WHAT THE TASK REQUIRES:
When you copy the material below, keep every line exact and leave each picture out.

EXCERPTED DATA START

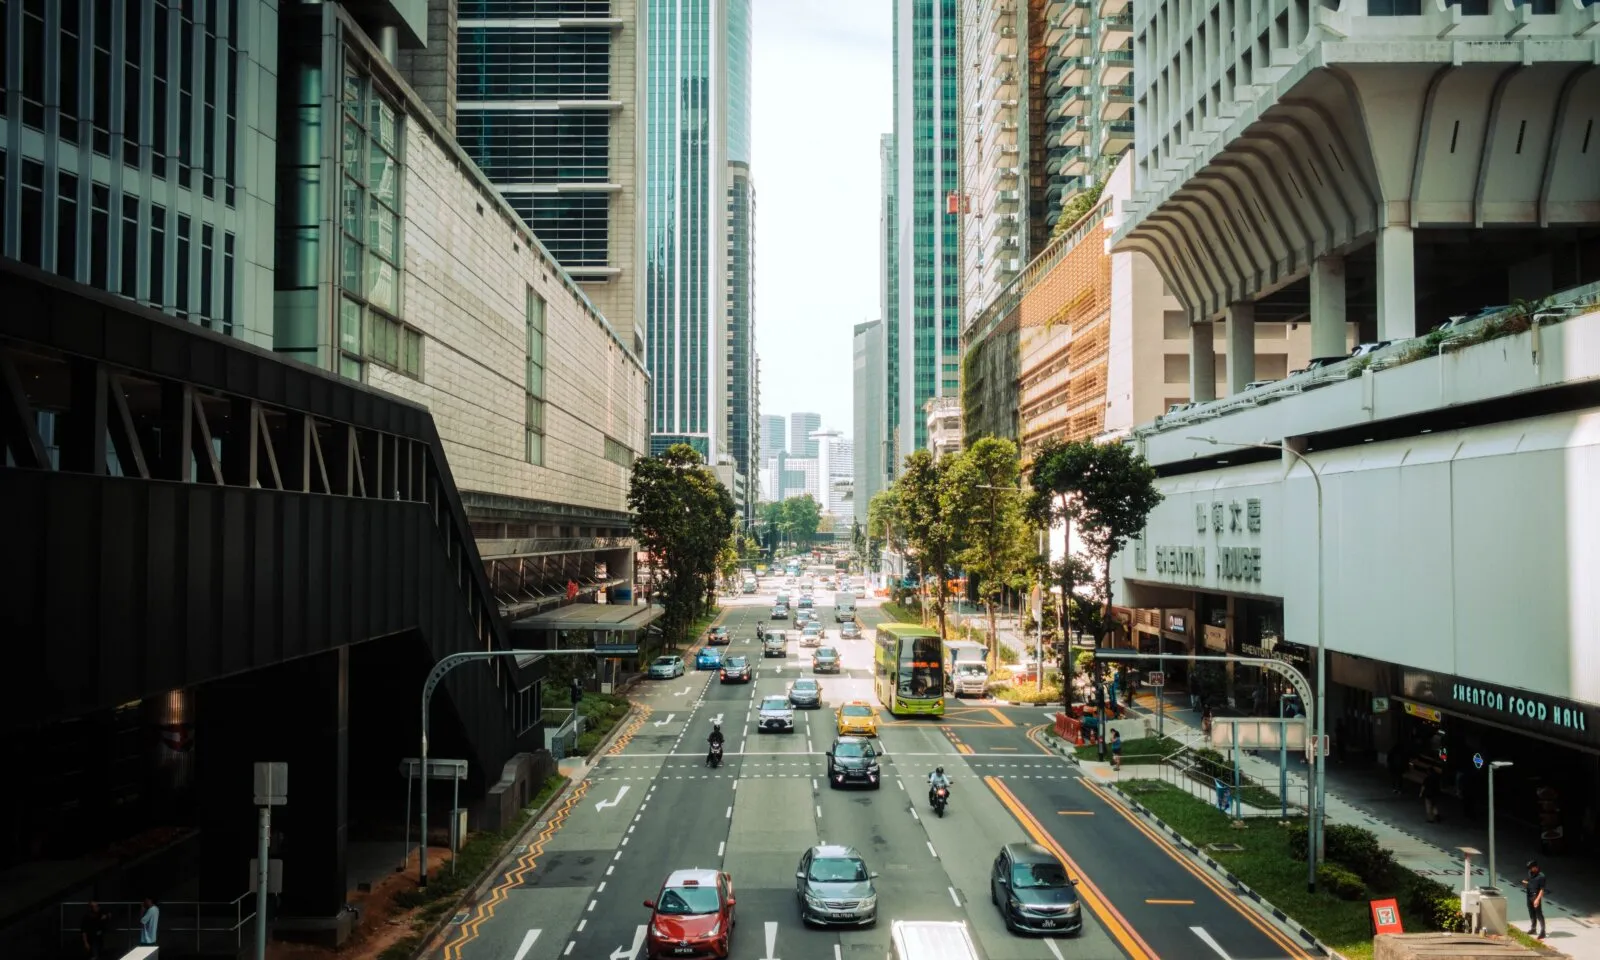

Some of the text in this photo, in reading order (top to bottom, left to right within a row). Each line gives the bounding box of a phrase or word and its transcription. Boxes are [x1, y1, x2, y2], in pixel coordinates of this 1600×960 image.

[1453, 683, 1503, 711] SHENTON
[1509, 696, 1547, 721] FOOD
[1553, 705, 1585, 731] HALL
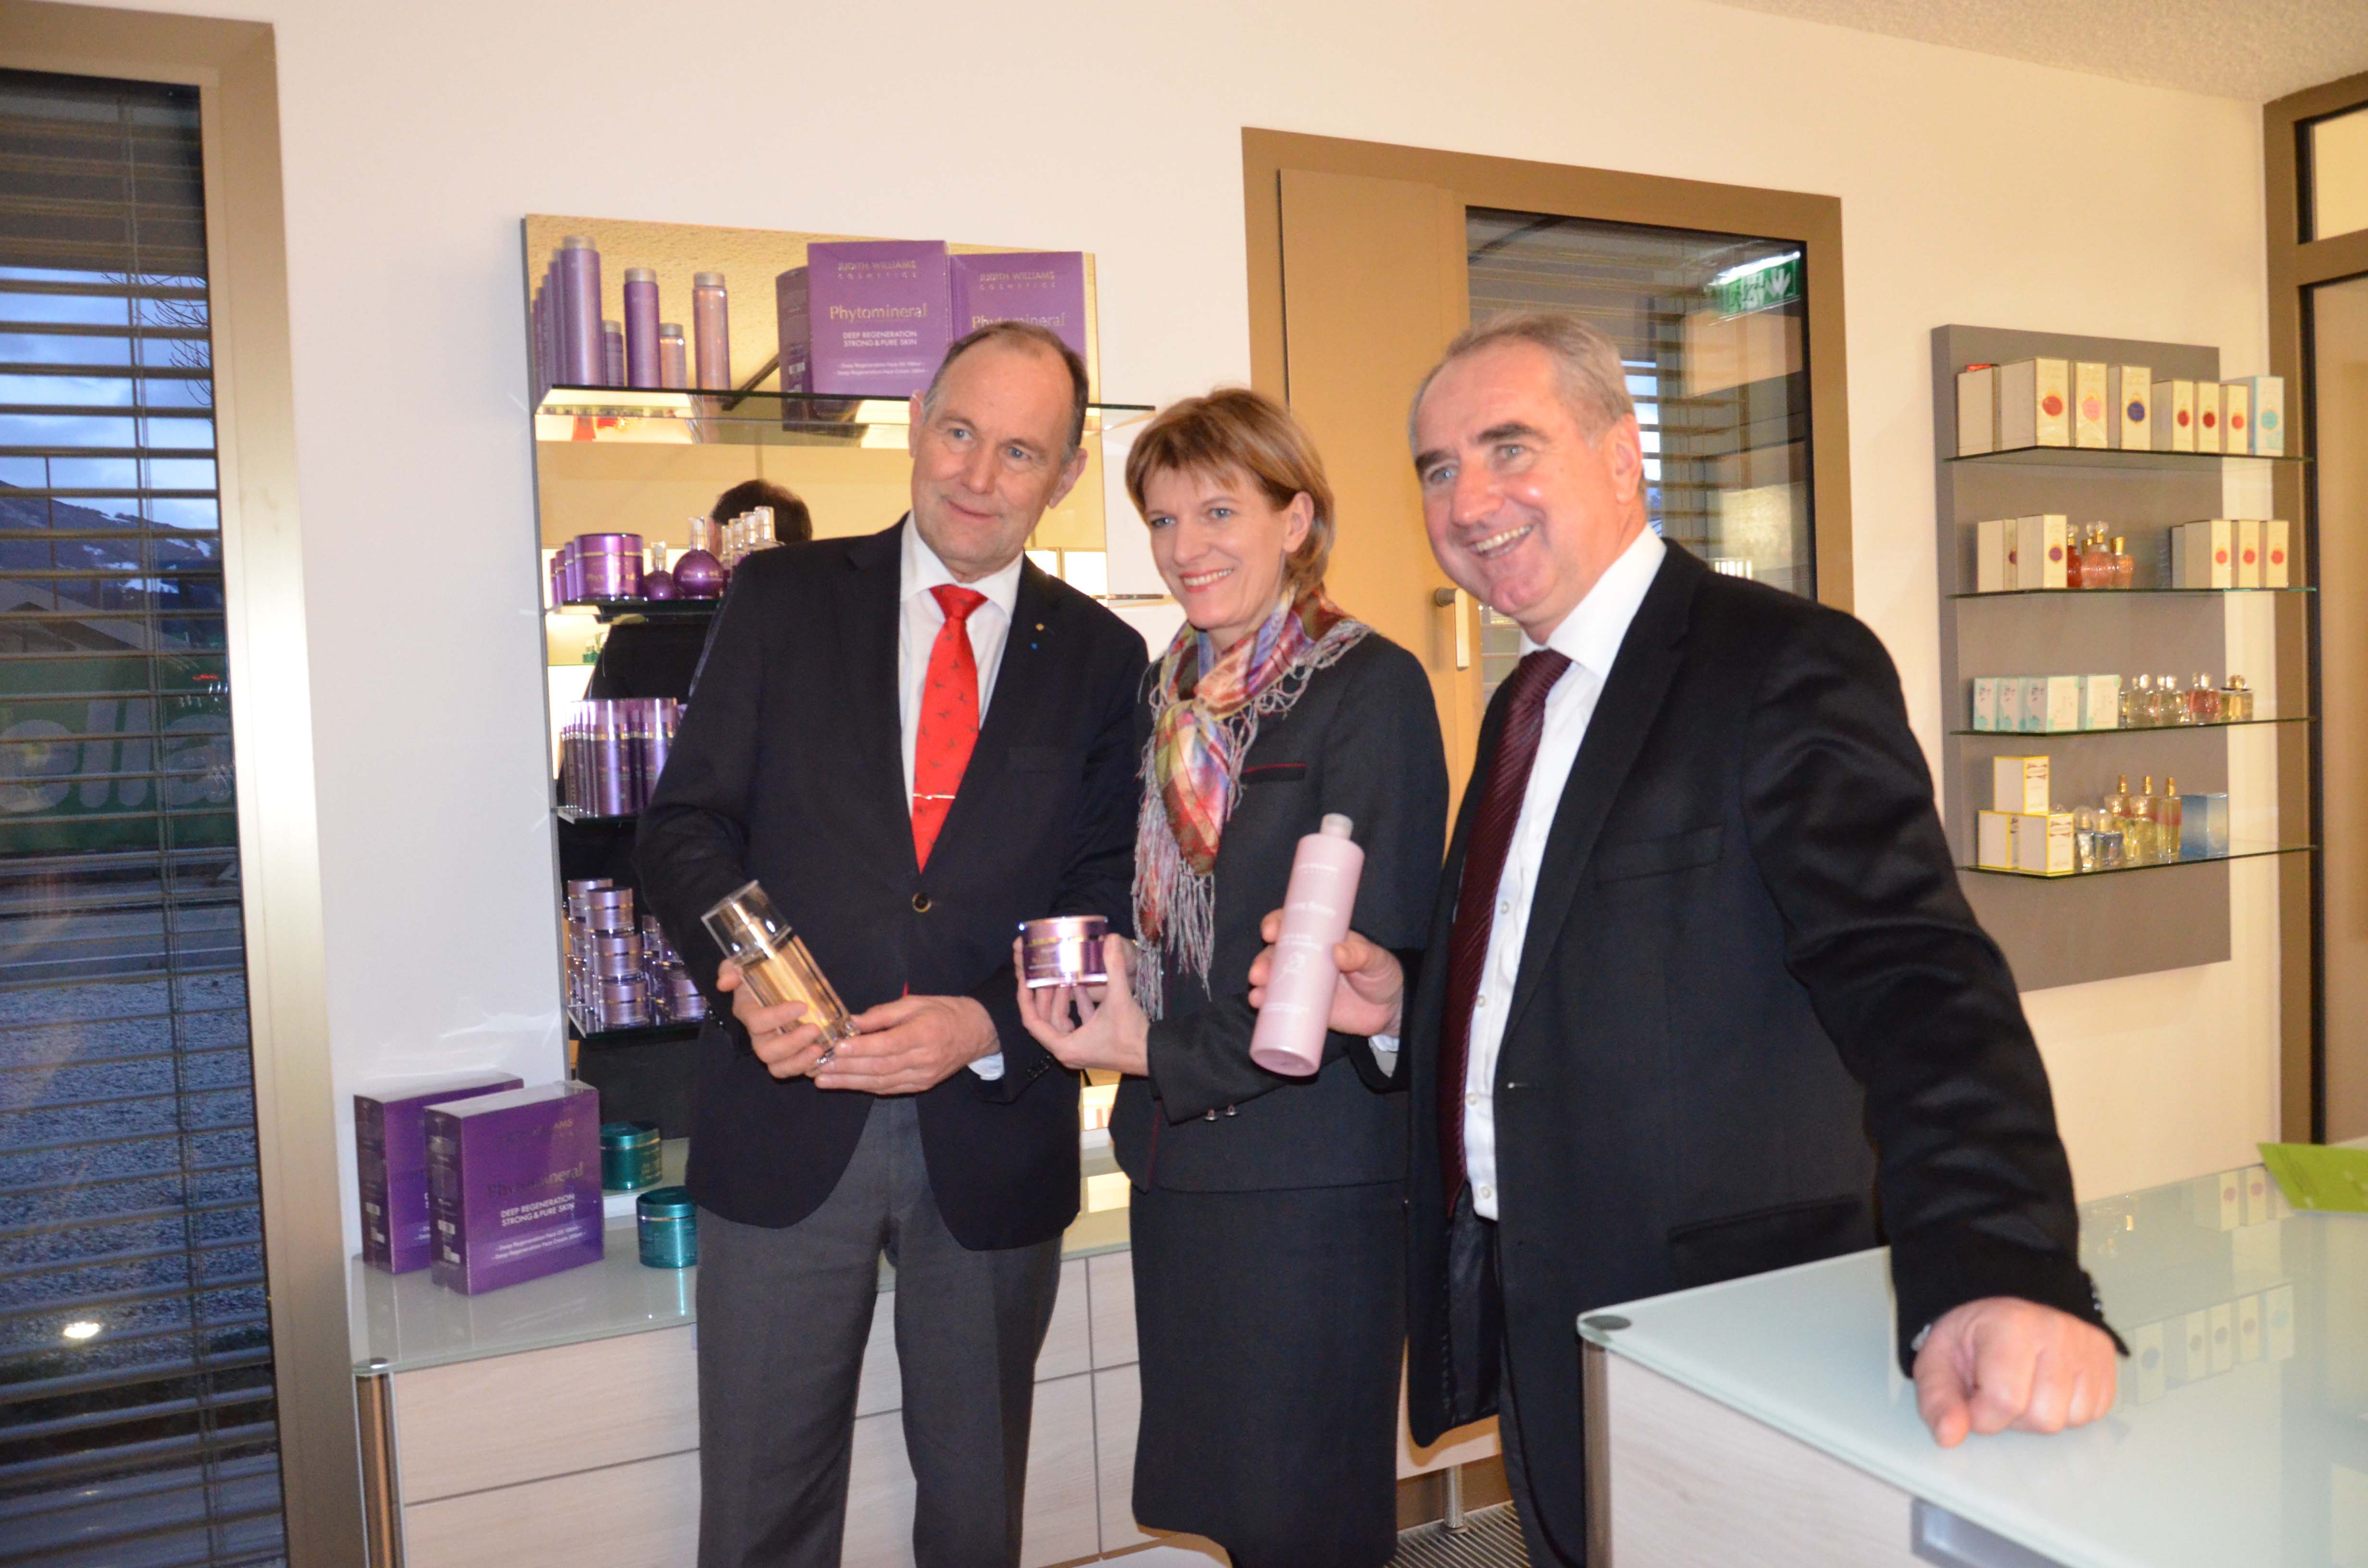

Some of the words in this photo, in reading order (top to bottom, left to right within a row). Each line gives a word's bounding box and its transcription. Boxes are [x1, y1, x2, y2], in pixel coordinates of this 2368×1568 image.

EXCERPTED DATA END

SOLUTION TO THE PROBLEM:
Some of the text in this photo, in reading order (top to bottom, left to right within a row). Each line gives the bounding box of a phrase or word and its transcription. Boxes are [x1, y1, x2, y2], in pixel coordinates of this 1600×960 image.

[1453, 683, 1503, 711] SHENTON
[1509, 696, 1547, 721] FOOD
[1553, 705, 1585, 731] HALL

Some of the words in this photo, in reading order (top to bottom, left to right within a row). Each line gives a word's bounding box and its transcription. Boxes are [x1, y1, x2, y2], in pixel coordinates of this 2368×1568 image.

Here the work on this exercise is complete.